The use of drugs by competitors is not only illegal but can also have catastrophic short-, medium- and long-term effects on the physiological and psychological health of the abuser. It is a menace which must be resisted. Unfortunately, the approach of the relevant parties - such as sports authorities and policing agencies - has, to date, been fragmented. Even if a competitor fails a dope test, inadequate sampling techniques and flawed test procedures often allow skilled lawyers to quash evidence at appeal hearings.

There is a need for a concerted approach. This is the message of the `Harmonising the ways and means of fighting doping in sport' report recently presented to the European Commission by the Medical Commission of the International Olympics Committee (IOC).

Description, impact and results

The report is the result of the `Hardop' research project, which has received 180,000 euros in EU funding since it started in 1998. The aim of Hardop was to identify the research requirements to combat doping in sport. To achieve this goal, the project workers organised a series of discussion forums and prepared a number of targeted questionnaires, with a view to discovering the opinions of relevant organisations and individuals, including sporting bodies, athletes, laboratory heads and journalists.

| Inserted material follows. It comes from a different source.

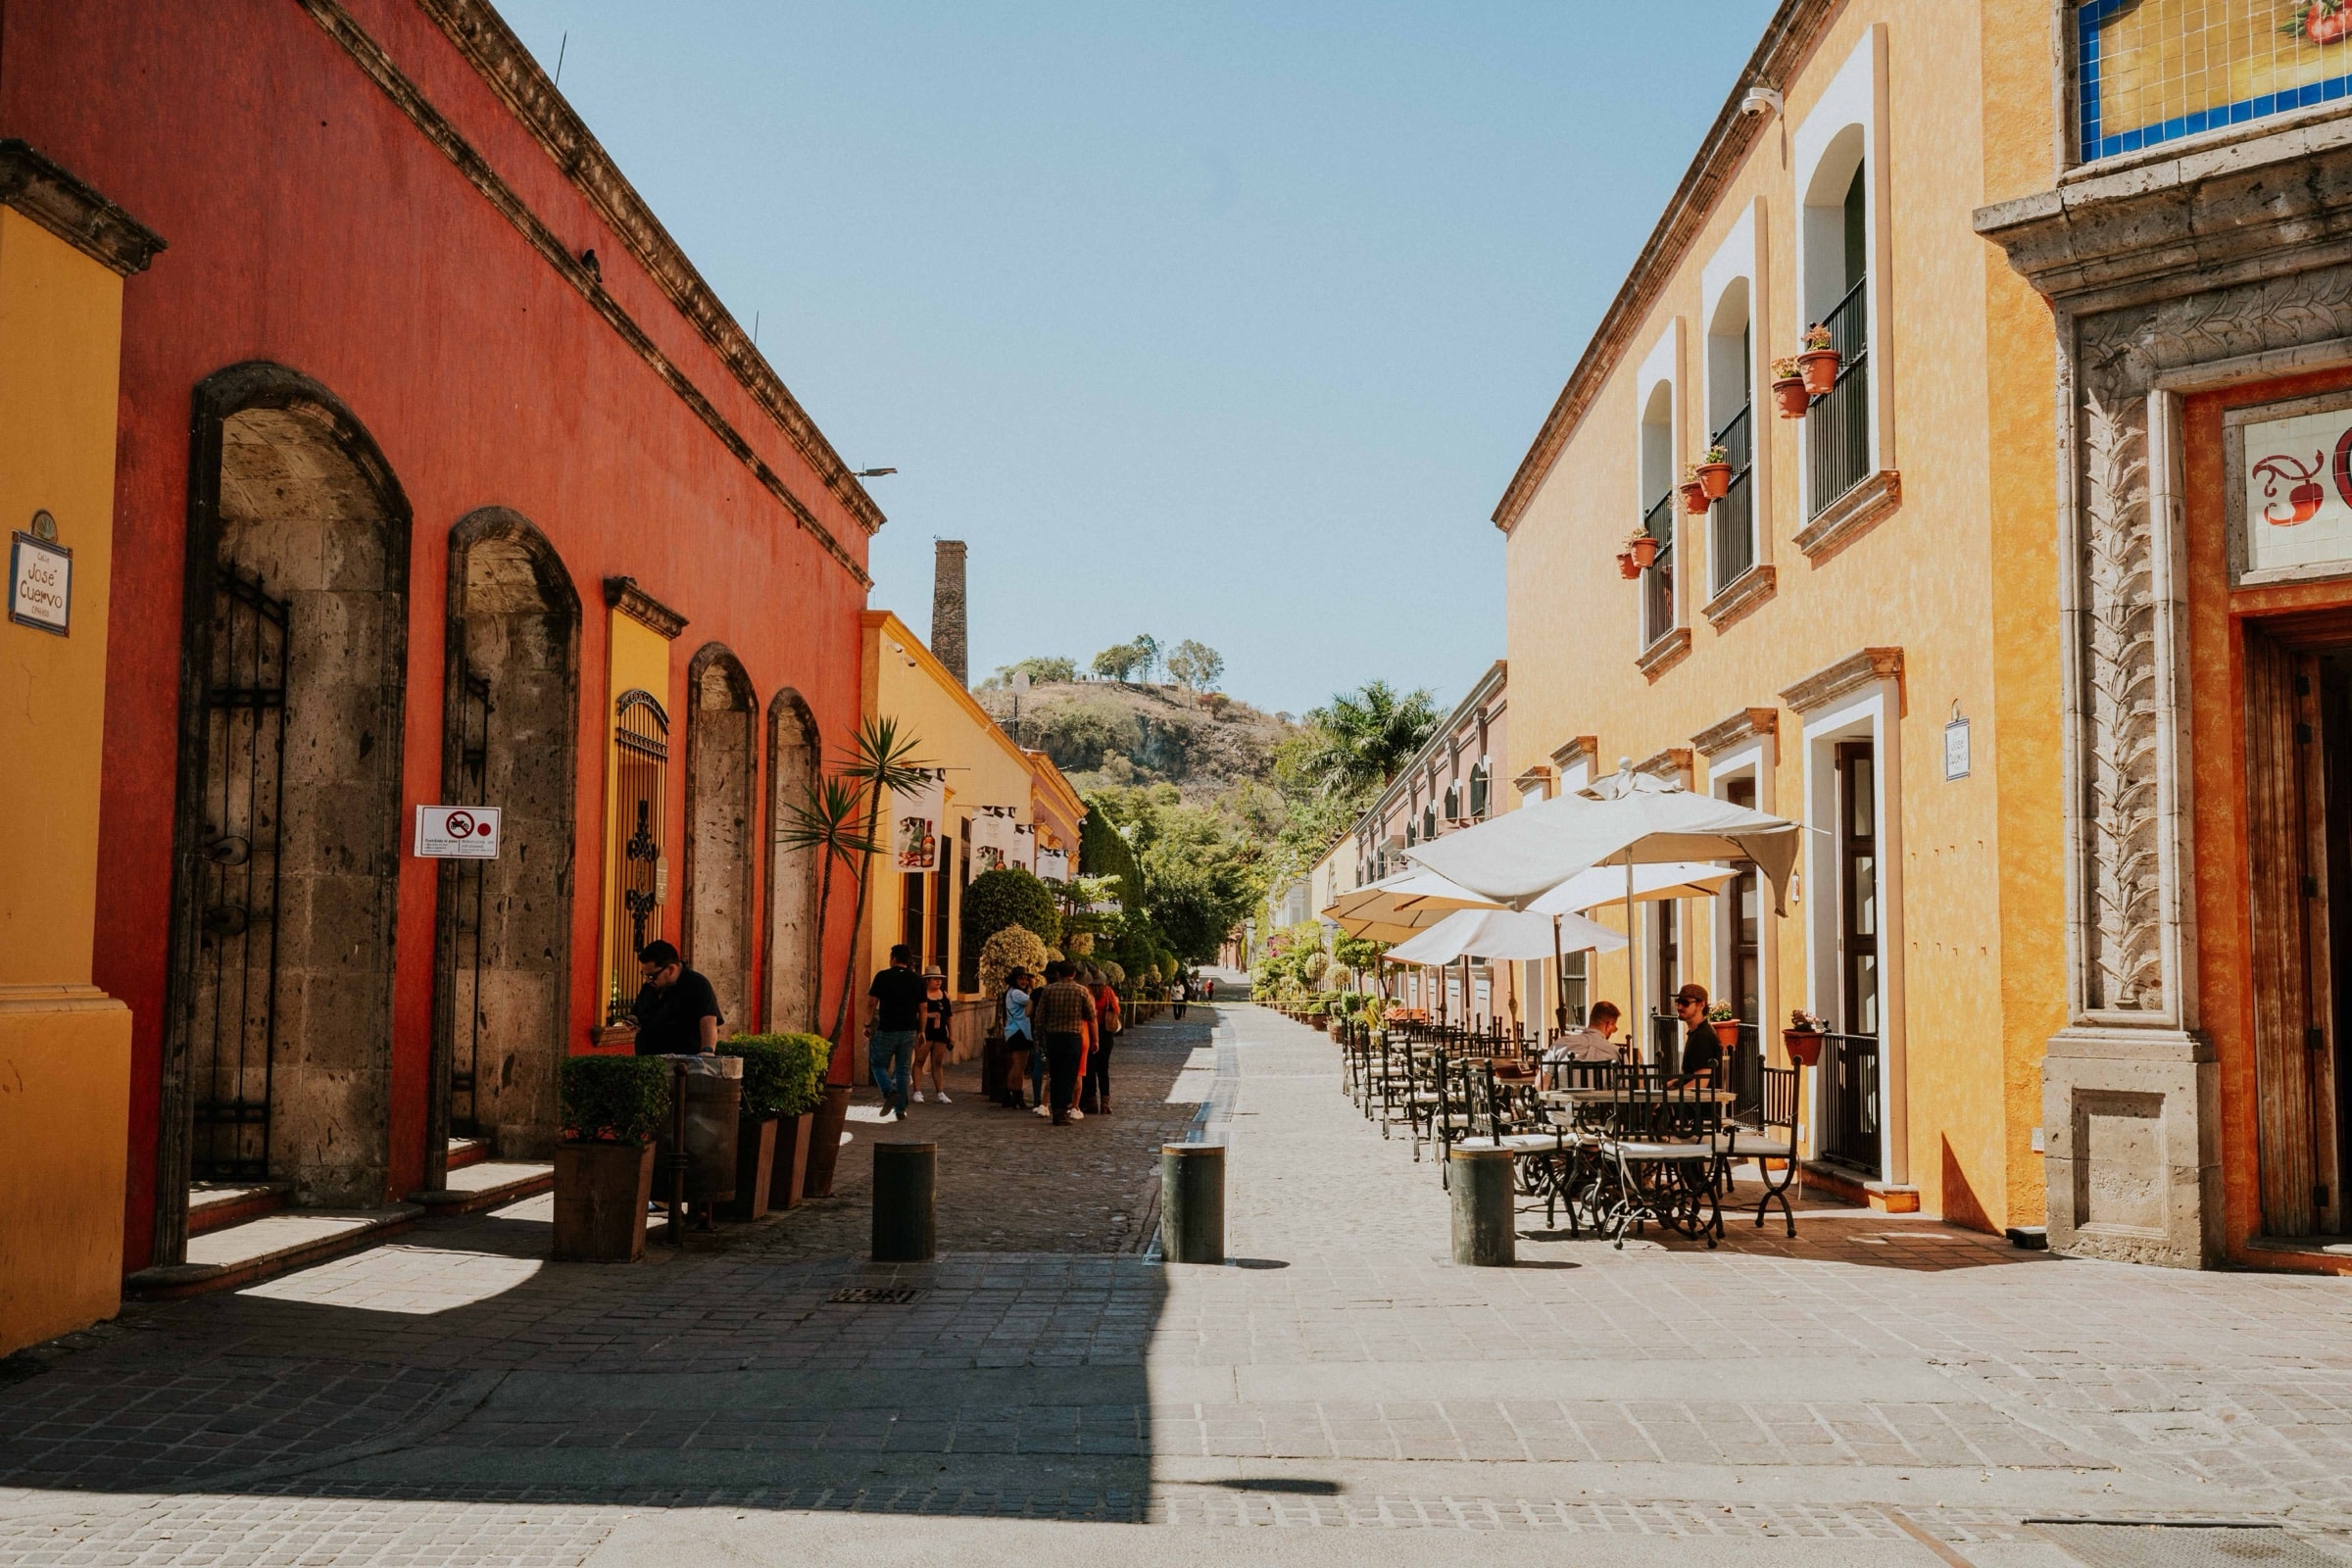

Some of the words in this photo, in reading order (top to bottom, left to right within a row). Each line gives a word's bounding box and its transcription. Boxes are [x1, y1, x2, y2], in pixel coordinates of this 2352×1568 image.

[37, 552, 50, 564] Calle
[28, 564, 58, 586] José
[20, 580, 63, 609] Cuervo
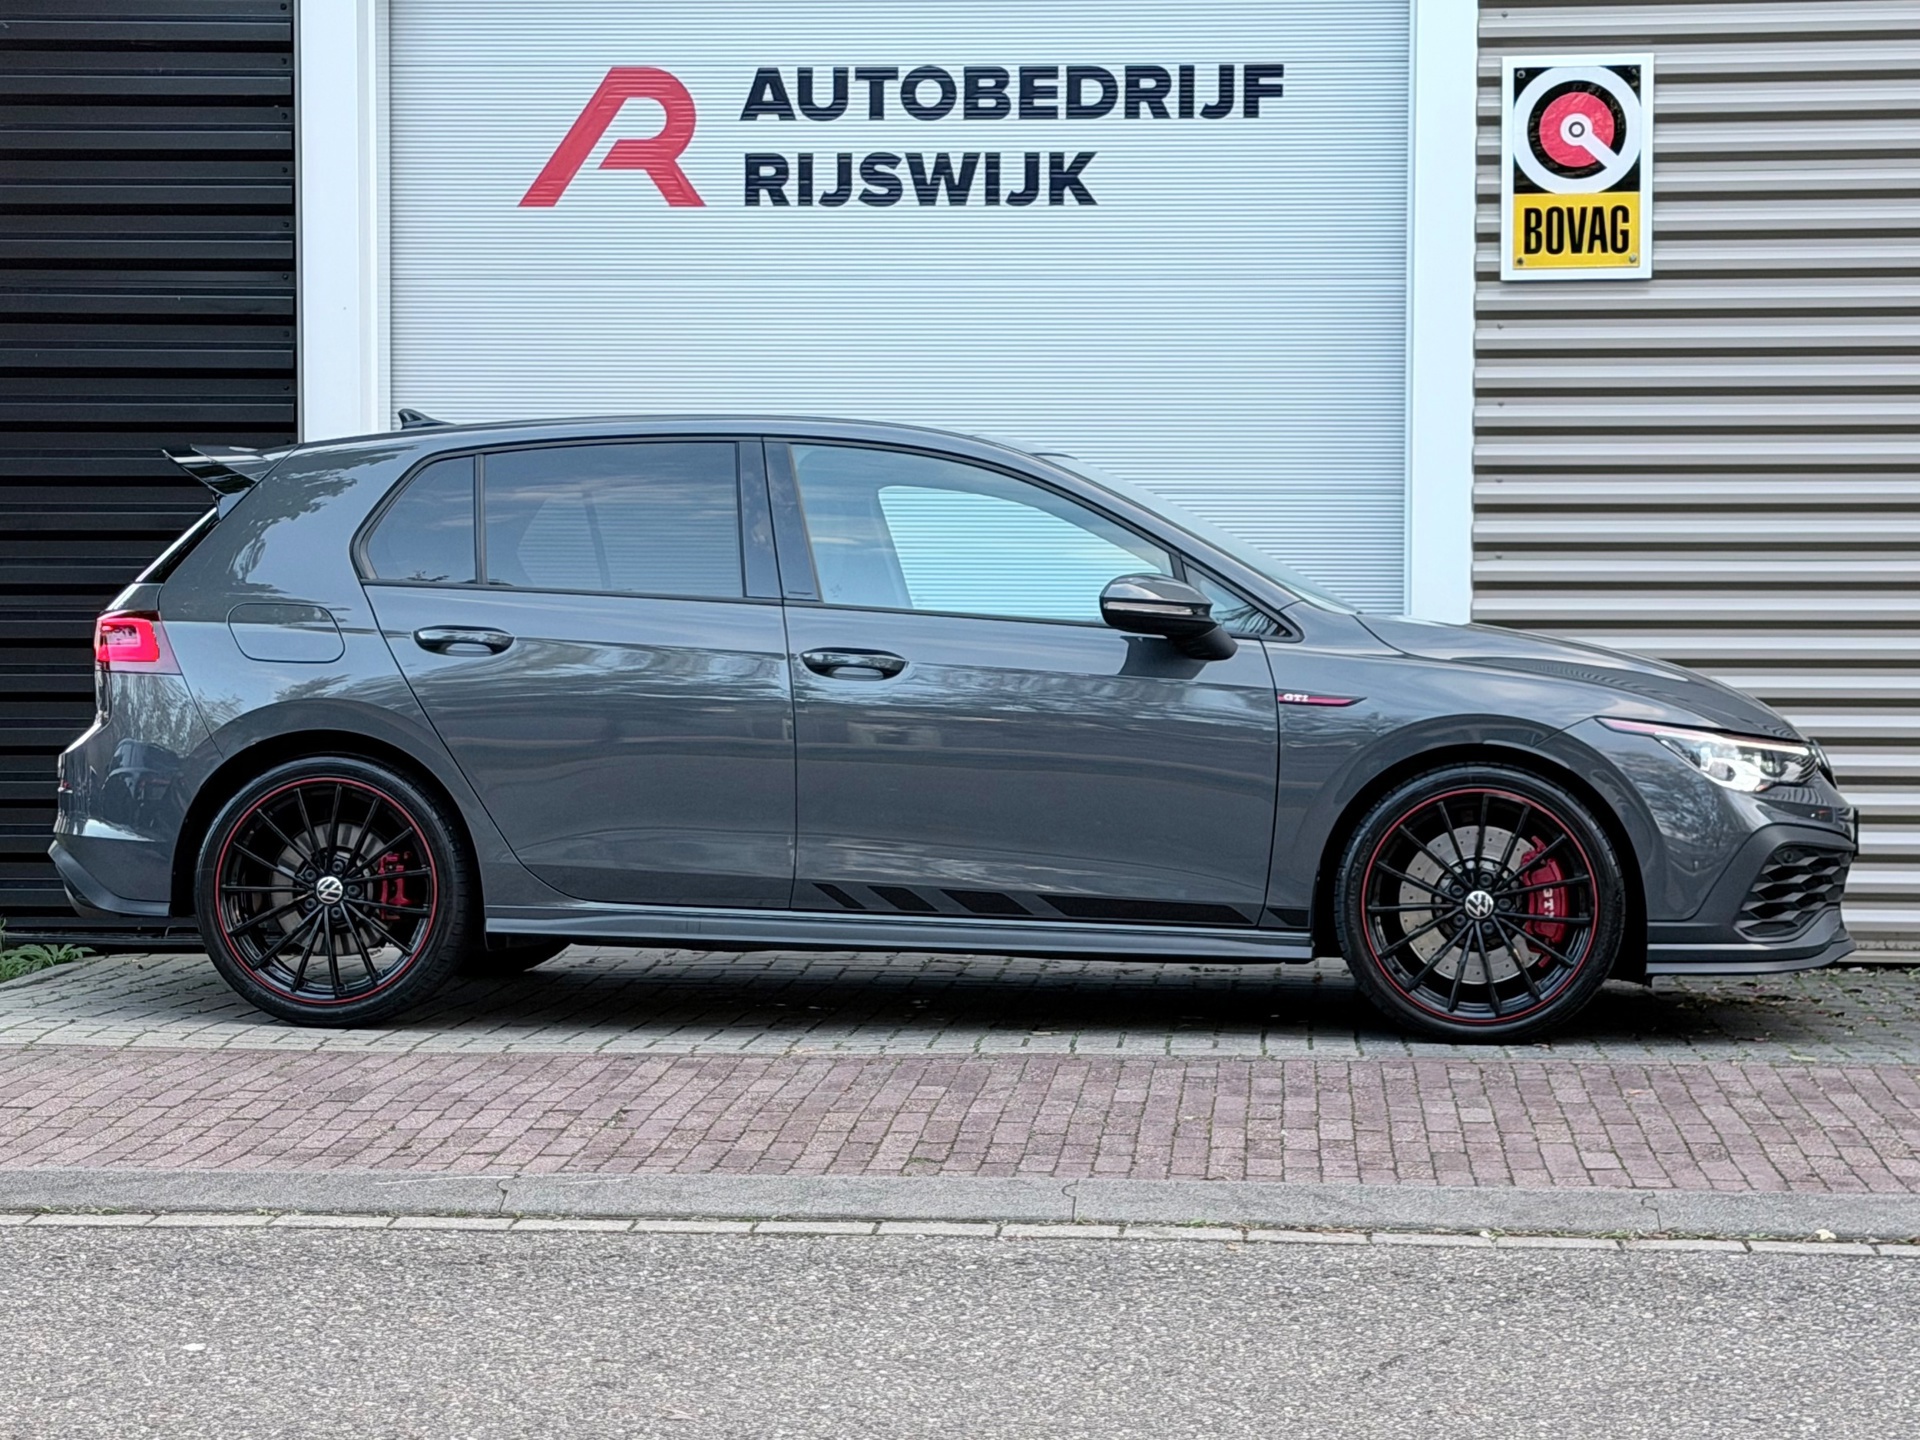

The results indicate the need for a central organisation to coordinate research, as ever-more sophisticated performance enhancers are being developed continually, and can only be detected using new techniques. Further, an accrediting organisation should be responsible for proposing common rules on reference materials, harmonising test procedures and carrying out quality checks. This same authority should also be an official link with other parties involved in the doping problem, such as national courts, police and customs authorities, and sporting federations. It could also be the catalyst for improving training and promoting dissemination of information.

The new `World Anti-doping Agency' is recognition of the fact that doping in sport reflects a wider societal problem, and is in line with the priorities of the Fifth Framework Programme (FP5), which promotes research into problems concerning the European citizen. The two main areas of study are medical research (investigating the effects of doping on health, new techniques for detecting performance enhancers, training and dissemination of information), and the scientific detection of fraud (measurement techniques, and reference materials and substances). These fall under the FP5 thematic programmes `Quality of life and management of living resources' and `Competitive and sustainable growth'.

Working partnerships

The idea for the agency was first proposed to the World Conference on Doping in Sport in Lausanne (February 1999). It is planned to set the agency up in cooperation with various inter-governmental bodies, such as the EU, the Council of Europe, the Arab Sports Confederation and the Supreme Council for Sports in Africa. International organisations, including the World Health Organisation, the United Nations International Drugs Control Programme and Interpol should also have a role to play.